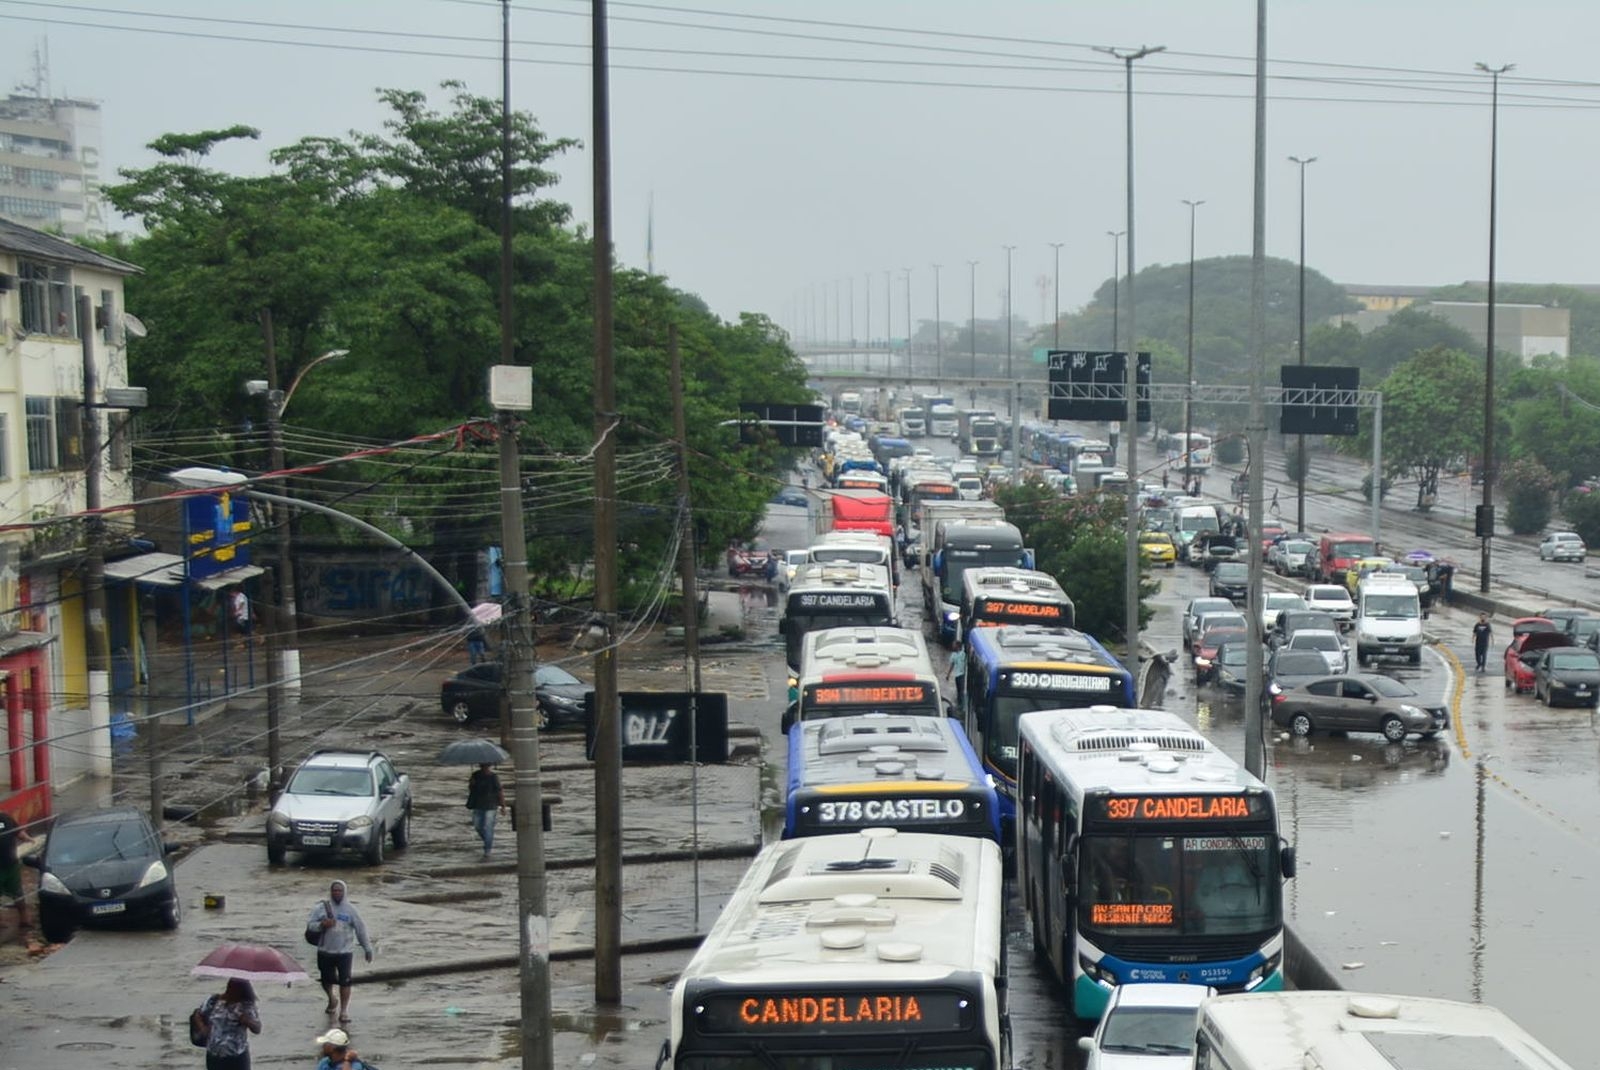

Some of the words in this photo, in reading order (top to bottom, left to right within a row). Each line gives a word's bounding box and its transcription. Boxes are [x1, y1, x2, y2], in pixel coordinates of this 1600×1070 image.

[801, 594, 818, 606] 397
[820, 594, 875, 606] CANDELARIA
[986, 602, 1004, 613] 397
[1007, 604, 1059, 617] CANDELARIA
[1013, 672, 1037, 687] 300
[820, 801, 862, 820] 378
[865, 799, 964, 819] CASTELO
[1108, 799, 1139, 819] 397
[1143, 798, 1249, 818] CANDELARIA
[1201, 839, 1265, 849] CONDICIONADO
[740, 996, 921, 1024] CANDELARIA
————————
§ **Problem requirements**: Reproduce the material in full, word for word, and omit the pictures.

§ **Task solution**:
Some of the words in this photo, in reading order (top to bottom, left to right within a row). Each line gives a word's bounding box and its transcription. Boxes are [x1, y1, x2, y2], in pixel coordinates of this 1600×1070 image.

[801, 594, 818, 606] 397
[820, 594, 875, 606] CANDELARIA
[986, 602, 1004, 613] 397
[1007, 604, 1059, 617] CANDELARIA
[1013, 672, 1037, 687] 300
[820, 801, 862, 820] 378
[865, 799, 964, 819] CASTELO
[1108, 799, 1139, 819] 397
[1143, 798, 1249, 818] CANDELARIA
[1201, 839, 1265, 849] CONDICIONADO
[740, 996, 921, 1024] CANDELARIA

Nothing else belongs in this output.